L’influence des Assassins sur la pensée musulmane est un sujet complexe et controversé. Yves Bomati aborde cette question avec prudence, soulignant que l’ismaélisme nizârite a contribué à enrichir le paysage intellectuel et religieux de l’islam médiéval. Leurs idées ont influencé certains courants soufis et ont alimenté les débats théologiques de l’époque. L’auteur met également en lumière l’importance de la notion de ta’wîl dans la pensée ismaélienne, une notion qui continue d’inspirer certains penseurs musulmans contemporains en quête d’une interprétation plus ouverte et plus spirituelle du Coran.
Comme nous l’avons vu, l’un des apports majeurs de l’ouvrage est la déconstruction systématique des mythes occidentaux sur les Assassins. L’auteur démontre comment ces mythes ont été construits, propagés et instrumentalisés par les croisés, puis par les orientalistes européens.
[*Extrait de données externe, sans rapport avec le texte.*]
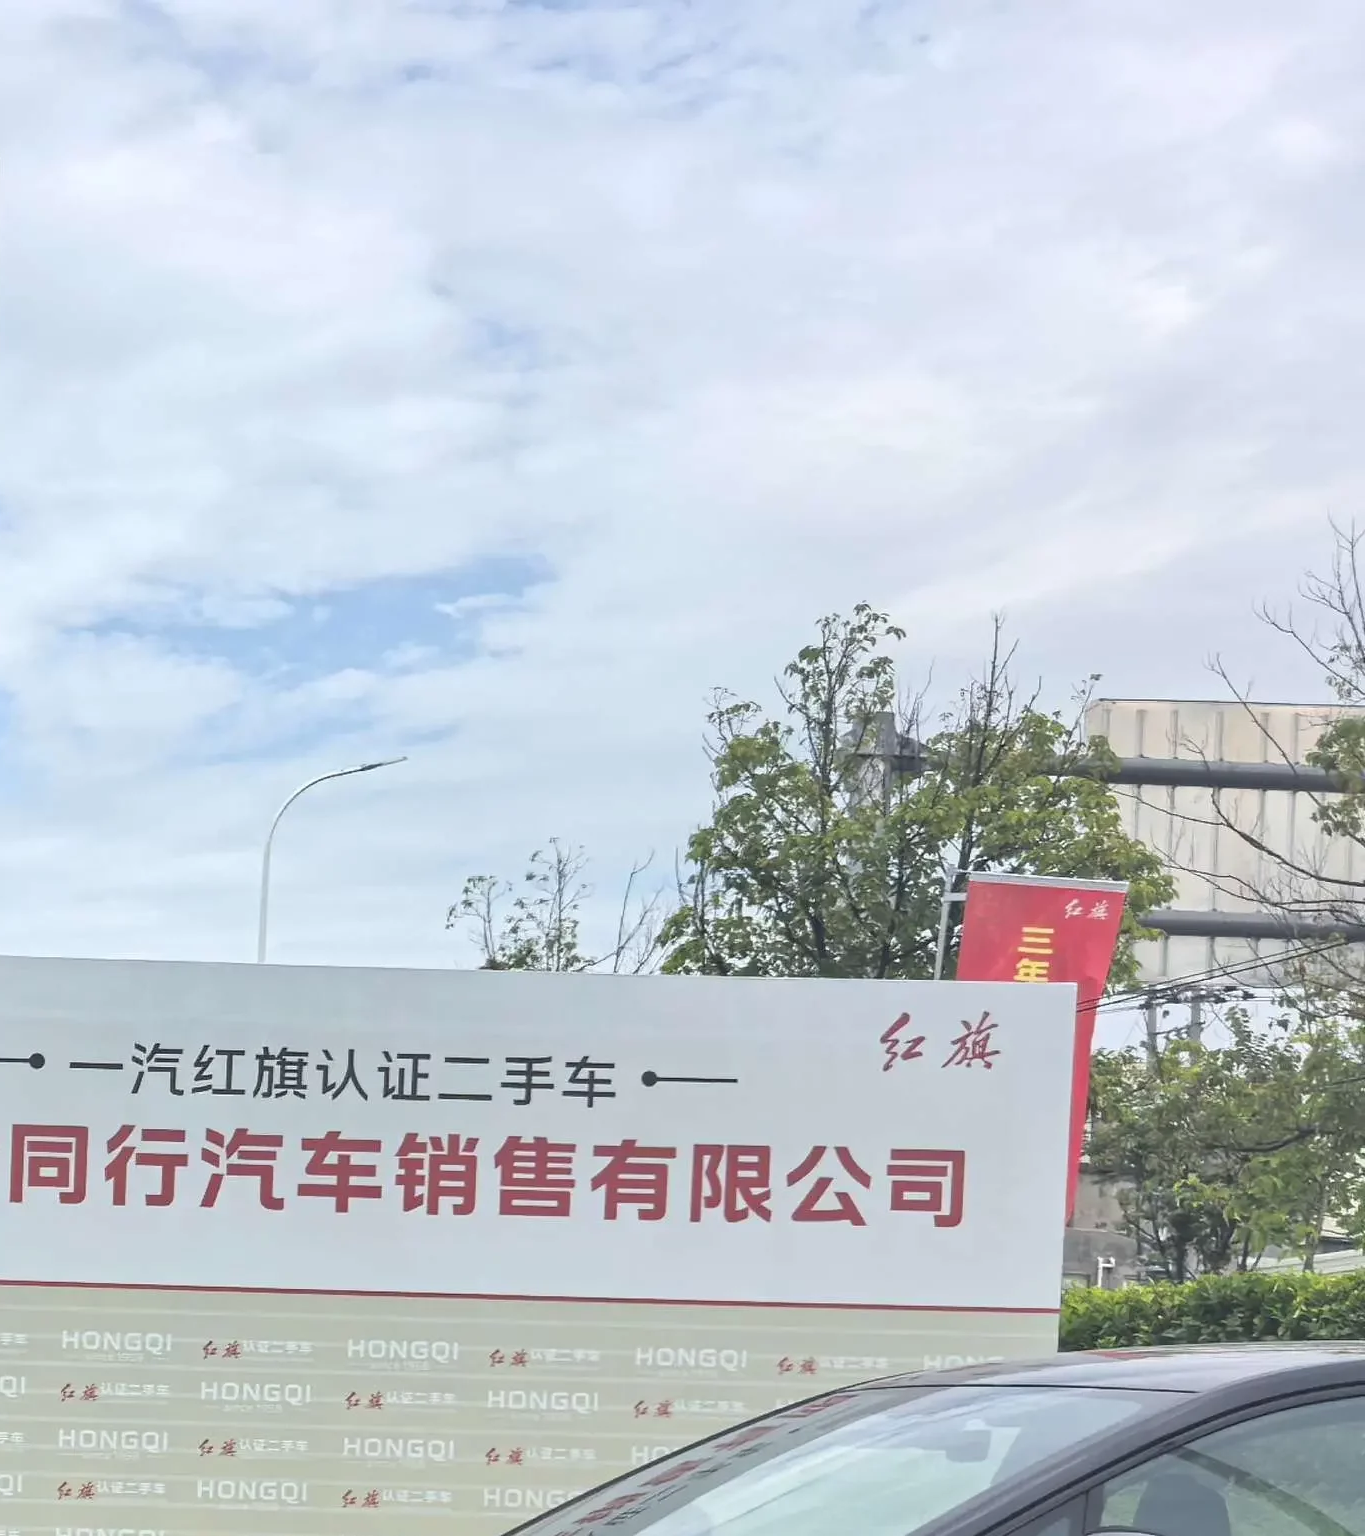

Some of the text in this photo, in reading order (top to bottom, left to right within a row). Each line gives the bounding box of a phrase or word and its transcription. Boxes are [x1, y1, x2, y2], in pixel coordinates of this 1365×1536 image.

[1065, 899, 1110, 920] 红旗
[879, 1011, 1002, 1072] 红旗
[69, 1043, 617, 1108] 一汽红旗认证二手车
[61, 1330, 173, 1355] HONGQI
[347, 1339, 459, 1363] HONGQI
[635, 1347, 748, 1371] HONGQI
[200, 1381, 313, 1406] HONGQI
[486, 1390, 600, 1413] HONGQI
[58, 1429, 169, 1453] HONGQI
[343, 1437, 455, 1462] HONGQI
[196, 1479, 308, 1504] HONGQI
Il montre comment la réalité historique a été déformée, simplifiée, caricaturée pour faire des Assassins des figures de l’altérité absolue, des barbares sanguinaires et irrationnels. Cette déconstruction est essentielle pour comprendre comment se forgent les stéréotypes et comment ils peuvent être utilisés pour justifier des politiques de domination et d’exclusion. Elle nous invite à une lecture critique des sources et à une approche plus nuancée et plus complexe des cultures et des civilisations différentes de la nôtre.
Les Assassins d’Alamût d’Yves Bomati est bien plus qu’un simple récit historique. C’est une plongée fascinante dans un univers complexe, un voyage à travers les méandres d’une histoire méconnue et souvent déformée.
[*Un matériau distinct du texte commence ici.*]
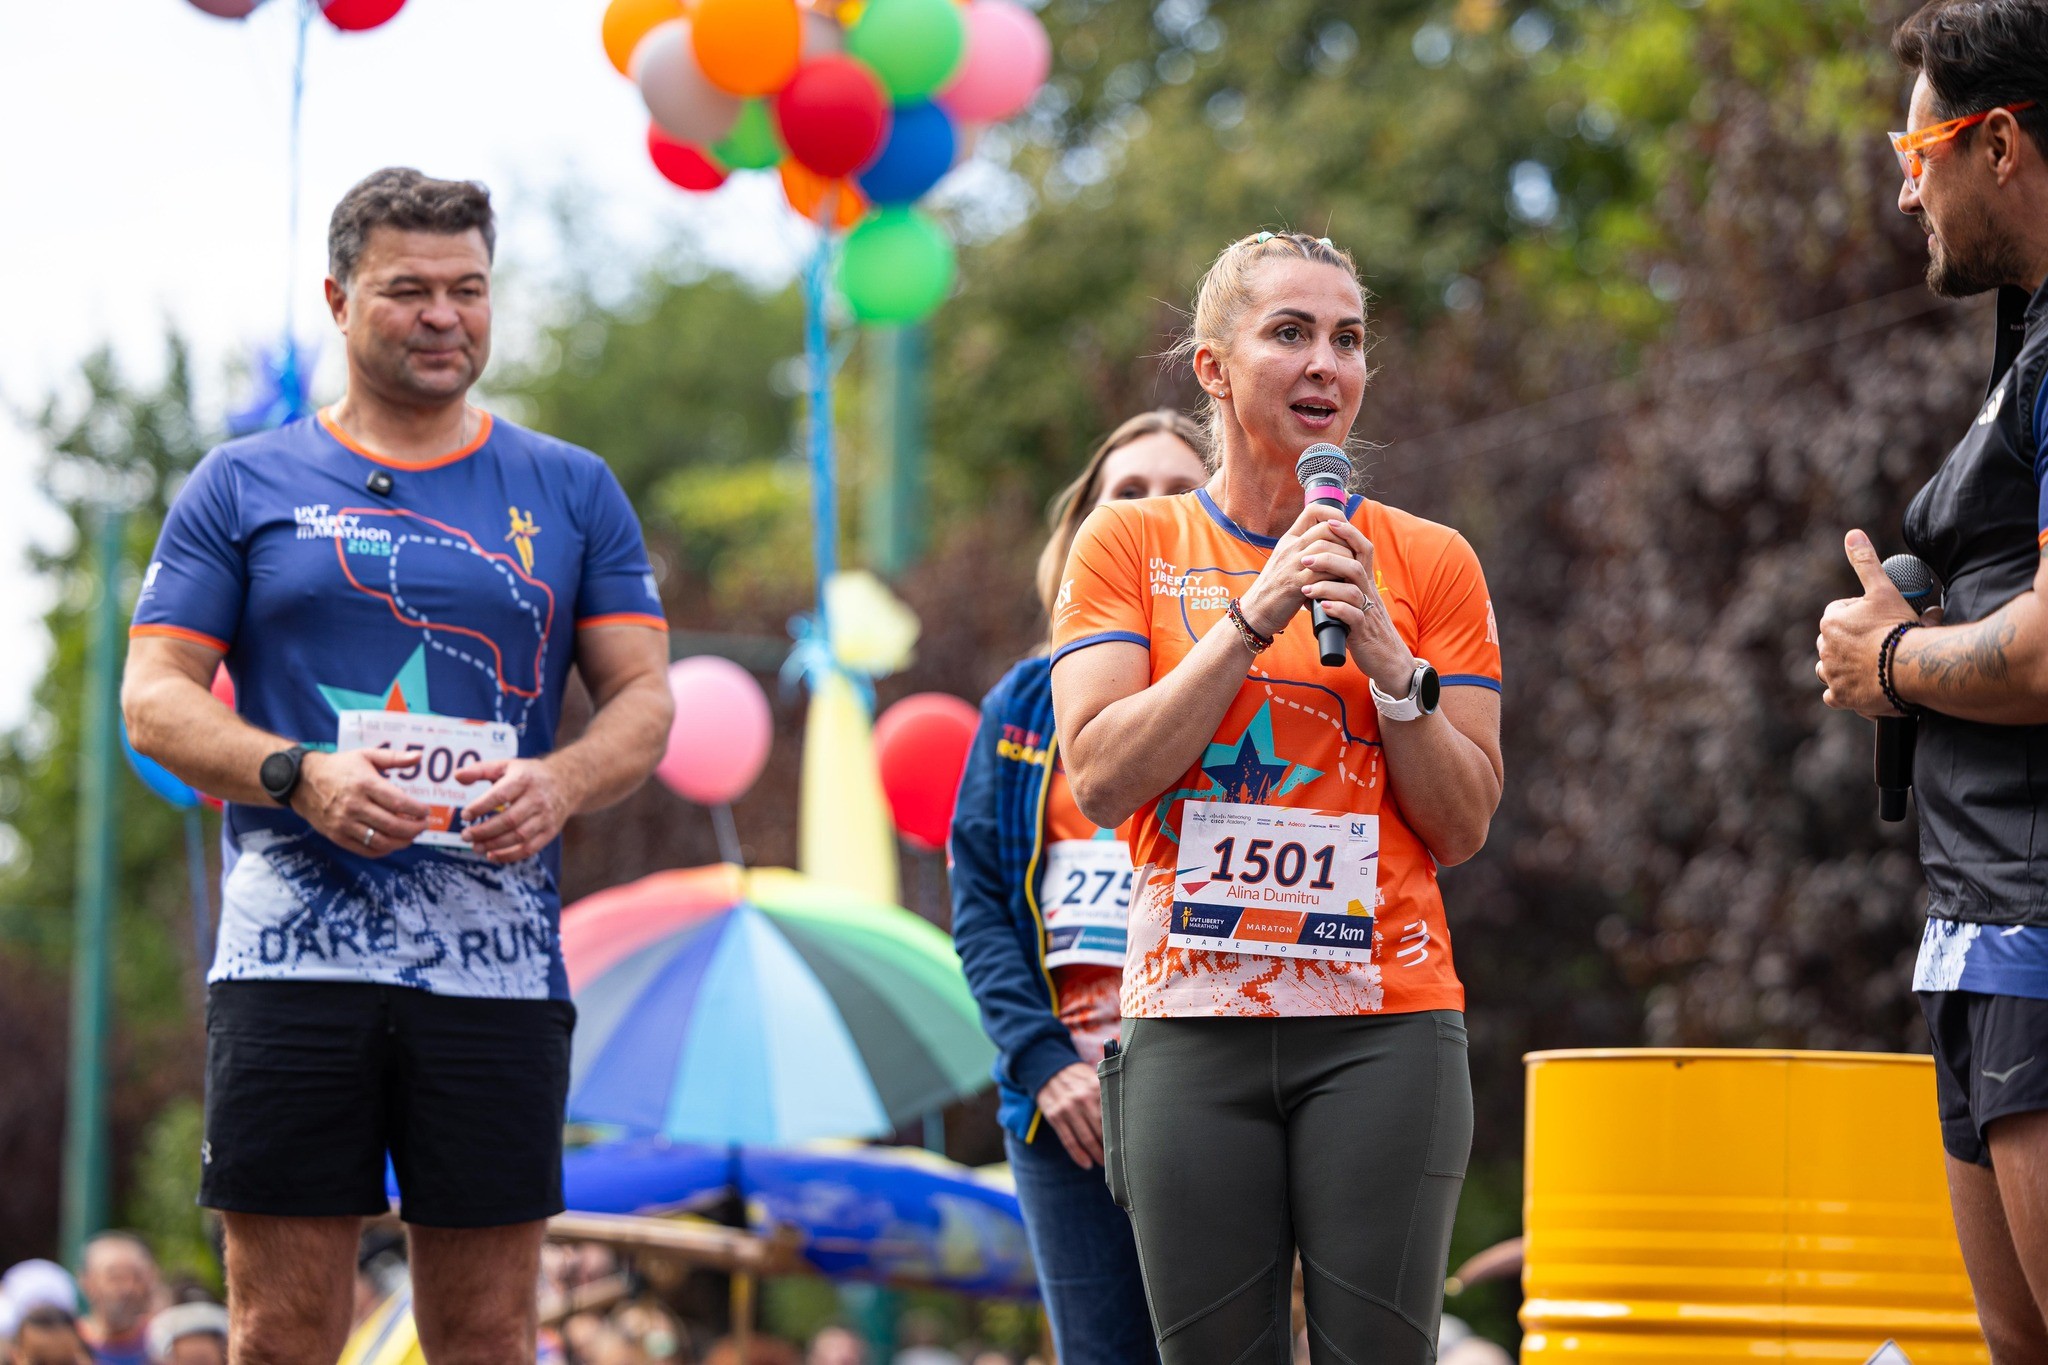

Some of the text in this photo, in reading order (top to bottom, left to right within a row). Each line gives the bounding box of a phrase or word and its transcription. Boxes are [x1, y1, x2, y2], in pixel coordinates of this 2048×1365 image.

L’ouvrage est une invitation à repenser notre compréhension du Moyen-Orient médiéval, à dépasser les clichés et les stéréotypes pour embrasser la diversité et la complexité des cultures et des civilisations qui ont façonné cette région du monde. C’est aussi une réflexion sur les relations entre islam et politique, sur les différentes interprétations du message coranique et sur les formes de résistance qui ont émergé au cours de l’histoire.
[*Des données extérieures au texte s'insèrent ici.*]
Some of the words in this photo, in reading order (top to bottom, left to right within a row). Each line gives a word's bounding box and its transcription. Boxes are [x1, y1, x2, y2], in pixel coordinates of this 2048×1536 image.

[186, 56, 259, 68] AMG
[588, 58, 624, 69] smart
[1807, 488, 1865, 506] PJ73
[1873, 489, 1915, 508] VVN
En déconstruisant la légende noire des Assassins, Yves Bomati nous offre une clé de lecture précieuse pour comprendre les enjeux actuels du Moyen-Orient et pour dialoguer avec un monde musulman pluriel, loin des caricatures et des simplifications hâtives. Son œuvre est une contribution majeure à l’histoire de l’ismaélisme et, plus largement, à l’histoire des idées et des mouvements religieux. Elle nous rappelle que l’histoire est toujours plus complexe, plus riche et plus surprenante que les récits simplificateurs que l’on en fait parfois. En refermant ce livre, on ne peut s’empêcher de méditer sur cette phrase de Nietzsche dans Par-delà le bien et le mal : « Celui qui lutte contre des monstres doit veiller à ne pas le devenir lui-même. Et quand ton regard pénètre longtemps au fond d’un abîme, l’abîme, lui aussi, pénètre en toi. » Une mise en garde contre les dangers d’une vision manichéenne du monde, une invitation à la nuance et à la complexité, que l’ouvrage fondamental d’Yves Bomati illustre magistralement.